30 thoughts on “There Is A God: Bears 27, Packers 20”

  1. Rogers has small fracture of his collarbone. I have tix for next week vs. Iggles.

  2. Dredd, My “promiscuity” is not just in sports and politics. I learned just serendipitously when teaching, if you want to get a quiet class jump started to have a lively discussion, start w/ 3 words, “Coke or Pepsi.” Even the introverted kids will raise their hands. I drink both of them. Stones or Beatles, again usually passionate debate, I lean Beatles but love the Stones also. A little background on my despising our duopoly, something we both share. How about sports, soda, music w/ you? Are you staunchly in one camp?
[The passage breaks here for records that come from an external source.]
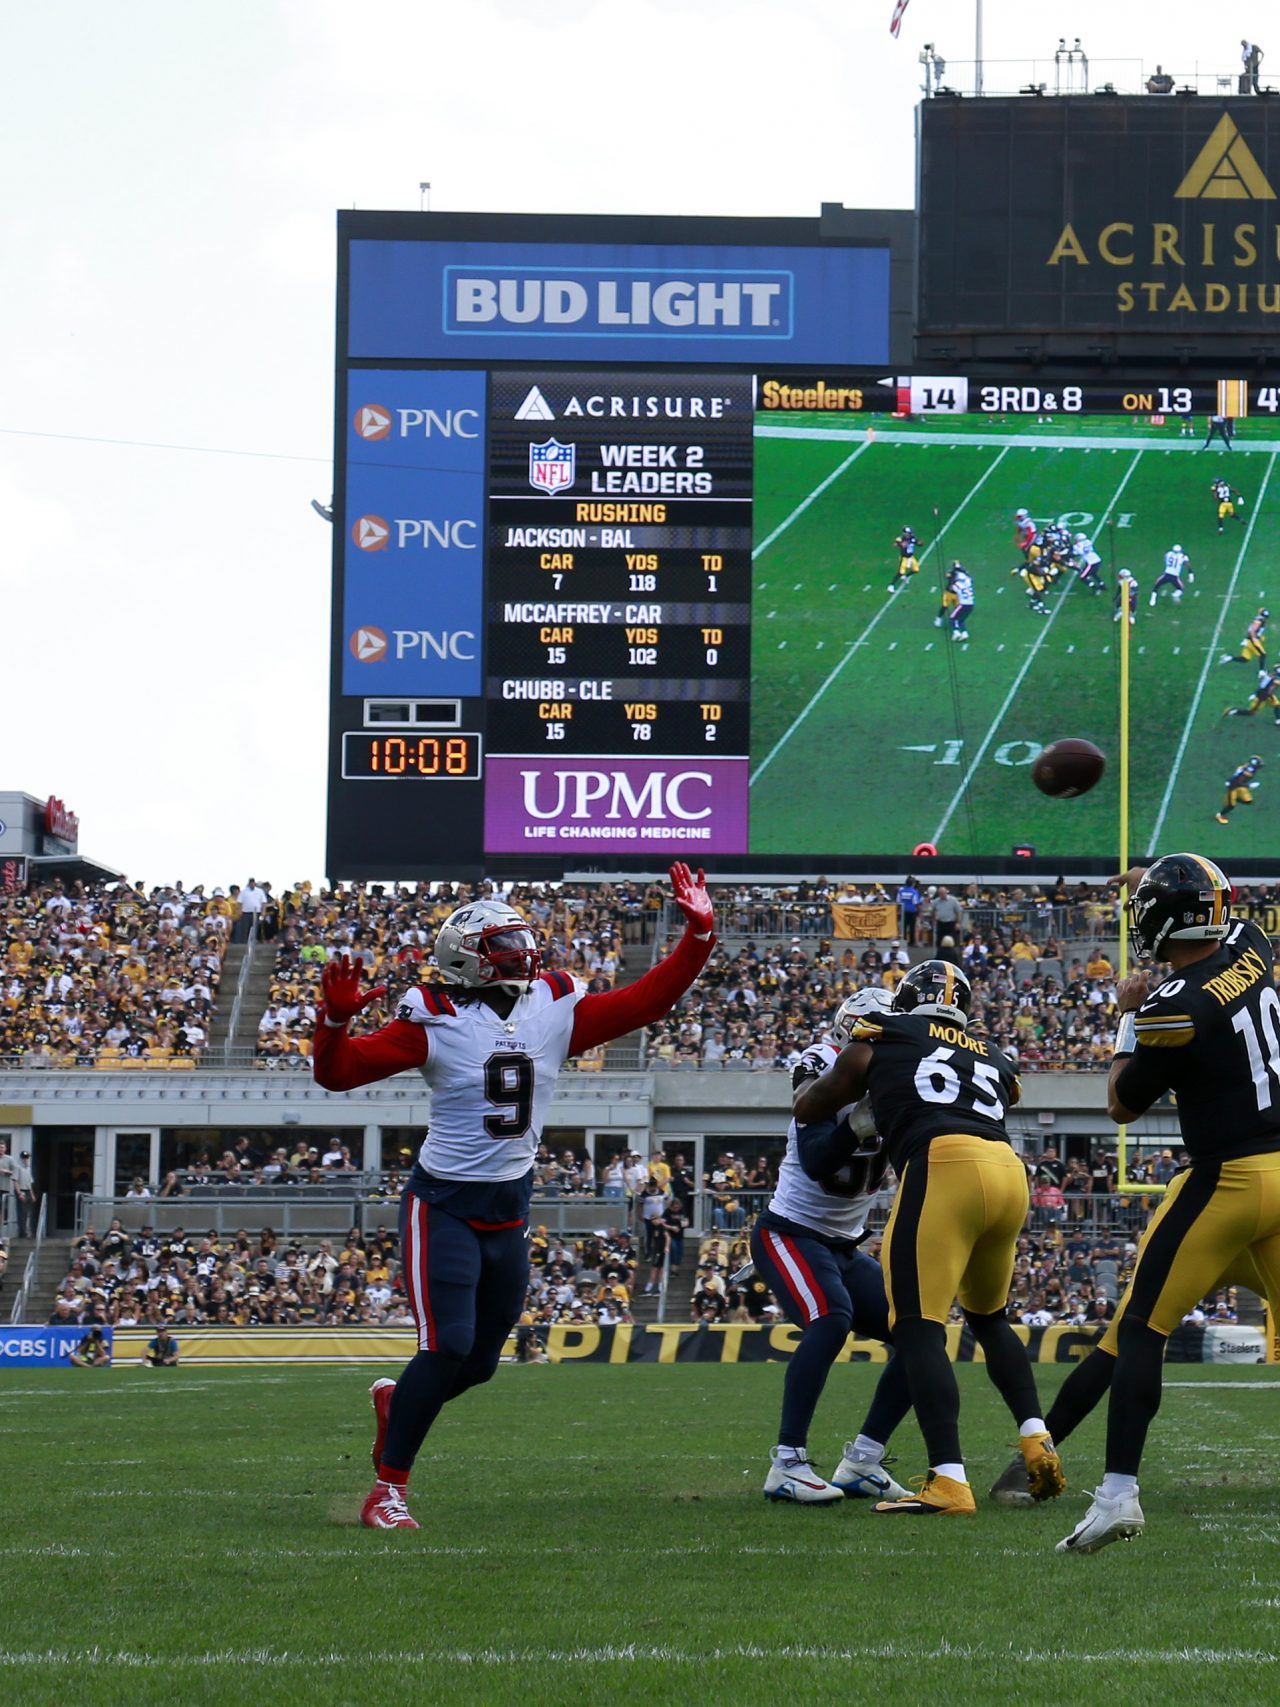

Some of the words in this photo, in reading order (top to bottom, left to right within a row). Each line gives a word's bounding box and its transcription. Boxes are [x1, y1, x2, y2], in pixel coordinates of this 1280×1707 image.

[456, 279, 588, 323] BUD
[762, 380, 863, 411] Steelers
[922, 388, 955, 410] 14
[980, 386, 1040, 412] 3RD
[1044, 392, 1058, 410] &
[1063, 387, 1083, 412] 8
[1122, 394, 1153, 411] ON
[1158, 388, 1192, 413] 13
[396, 409, 480, 438] PNC
[600, 445, 677, 468] WEEK
[684, 446, 704, 468] 2
[535, 463, 568, 485] NFL
[591, 472, 712, 495] LEADERS
[576, 503, 666, 523] RUSHING
[394, 520, 477, 549] PNC
[505, 528, 586, 548] JACKSON
[601, 529, 634, 549] BAL
[540, 555, 573, 572] CAR
[625, 555, 658, 572] YDS
[701, 555, 722, 572] TD
[553, 575, 563, 590] 7
[629, 575, 656, 592] 118
[707, 576, 717, 592] 1
[504, 604, 612, 624] MCCAFFREY
[626, 605, 662, 623] CAR
[393, 631, 476, 660] PNC
[540, 628, 573, 645] CAR
[625, 628, 658, 645] YDS
[701, 628, 722, 645] TD
[547, 648, 566, 664] 15
[628, 649, 657, 665] 102
[707, 649, 718, 665] 0
[502, 680, 565, 699] CHUBB
[579, 680, 612, 700] CLE
[539, 704, 572, 721] CAR
[624, 704, 657, 721] YDS
[701, 704, 721, 721] TD
[546, 724, 564, 740] 15
[632, 724, 652, 741] 78
[705, 725, 716, 741] 2
[371, 738, 467, 774] 10:08
[520, 771, 712, 820] UPMC
[525, 827, 556, 838] LIFE
[560, 827, 638, 839] CHANGING
[641, 827, 711, 839] MEDICINE
[1202, 947, 1267, 1006] TRUBISKY
[929, 1023, 989, 1057] MOORE
[914, 1047, 1005, 1121] 65
[484, 1052, 535, 1139] 9
[4, 1340, 47, 1357] CBS
[1220, 1341, 1260, 1353] Steelers
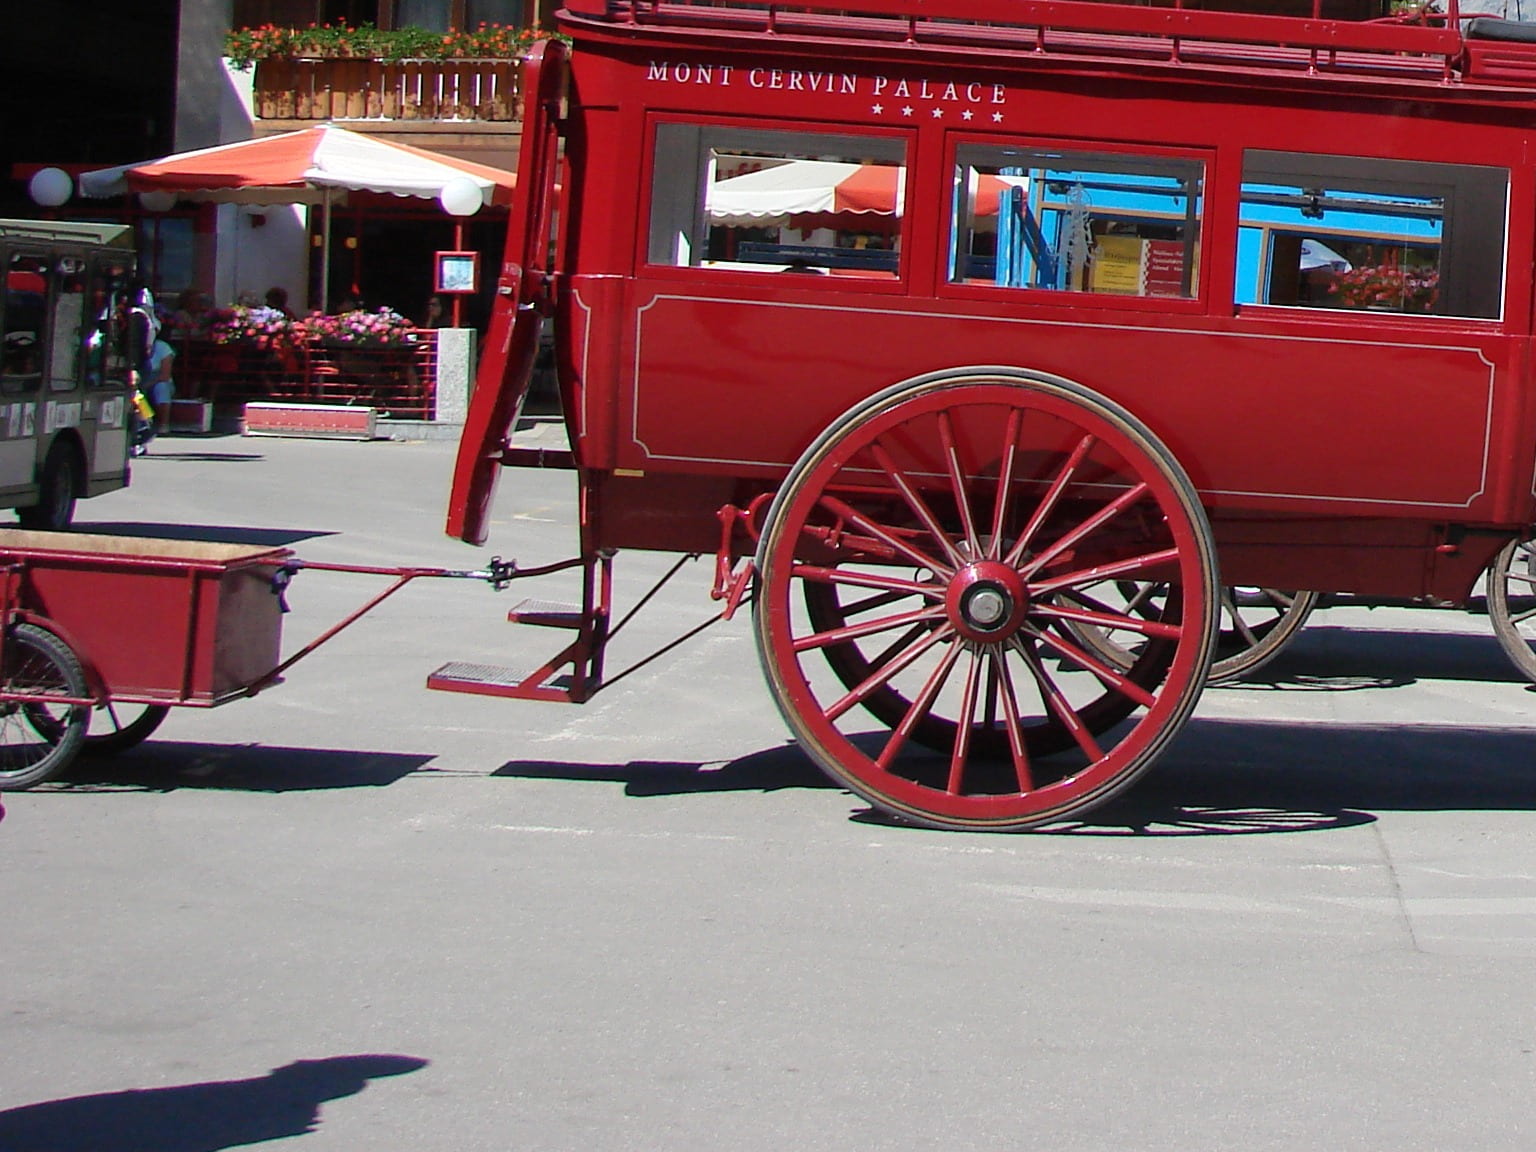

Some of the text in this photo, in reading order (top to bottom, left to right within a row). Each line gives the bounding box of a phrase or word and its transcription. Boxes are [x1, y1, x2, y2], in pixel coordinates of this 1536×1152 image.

[647, 60, 1007, 104] MONT CERVIN PALACE
  3. nick spinelli 1, November 5, 2013 at 8:10 am

    Congrats to all Bear fans. I was a Giants fan growing up in Ct. I was a Chief’s in KC, a Bears fan in Chicago and now a Packer fan. I grew up in a family of Yankee and Red Sox fans.

    ====================
    OH!

    Nick, your promiscuity tightens my jaws!

    Don’t get me started, or there will be some ball busting bro!

  4. I am a 7th Day Dog Adventist and I believe that God created Dog on the 7th Day. Otherwise I am in full agreement with HumpinDog. But, as a betting dog I was for the Bears. I had a heads up because the guy who could not play for the Packers slipped on a dog turd.

  5. On the 8th Day God created Dog to watch over and give guidance to humans, whether the humans are blind or not. But humans do not let dogs into pro football games so there is no guidance and there is blind obedience to the commands of the coach on each side. Since Dog stays out God has not a clue as to what is going on because God does not pay attention to things down here on Earth unless God’s ears on the ground are present and we are not talking Creation here. So if ya lock the dogs out God is gonna stay out of taking sides on the outcome. Despite the income. If ya know what I mean jelly bean.

  6. Does the Professor suggest God injured Aaron Rodgers? That God saw to it Rodgers was injured to the extent he could not play? I guess JT implies a miracle of Divine Intervention was required for the Bears to win at Lambeau.
    Because surely that was the one and only way it could happen.

  7. I must observe that sometimes dyslexia comes into play when folks speak of politics or football. This is particularly evident when bears are involved and the other side is “packing”. In this instance Dog intervened not God. The Framers of the Second Amendment were hung over when the draft was completed and they meant to write: “The right to arm bears….” Not the right to bear arms. Bear arms sounds like the name of a hotel– just capitalize the A in arms. So, if the Bears are armed then they can have an equal playing field with the team that is also packing. Bears vs. Packers, even steven. Unless your name is Stephen.

  8. I’ve been to about 6 Bear/Packer games. Good ball busting but I’ve seen maybe 3 fights, and nothing like the ones in New York or Philly. I’ve never been to a Bear/Packer game @ Soldier Field, but surmise it’s mostly just verbal jousting?

  9. Congrats to all Bear fans. I was a Giants fan growing up in Ct. I was a Chief’s in KC, a Bears fan in Chicago and now a Packer fan. I grew up in a family of Yankee and Red Sox fans. So, I never got into this visceral dislike of other teams. My old man was a Yankee fan but how could I hate the Red Sox when I would sit on the front porch w/ my dear uncle Pat and listen to Curt Gowdy do the Red Sox games getting a sip of foam from his Narragansett beer. I believe that is in large part what has made me an independent politically. Let me give congrats to Bear fans. I know a few here and more from our days living in Chicago. After the performance by McCown, I think Trestman should consider starting him over Cutler when his vagina heals.

  10. I don’t get the games on TV because I watch almost no TV anymore. I am going to have to get some of those sports feeds on the internet. I depend on the denizens of this blog to keep me apprised of the big games.

  11. ModernMiner, that’s not even a good argument. The Bears STARTED with their backup.

  12. The ONLY way the Bears can beat the Packers is to take out the best QB in the league!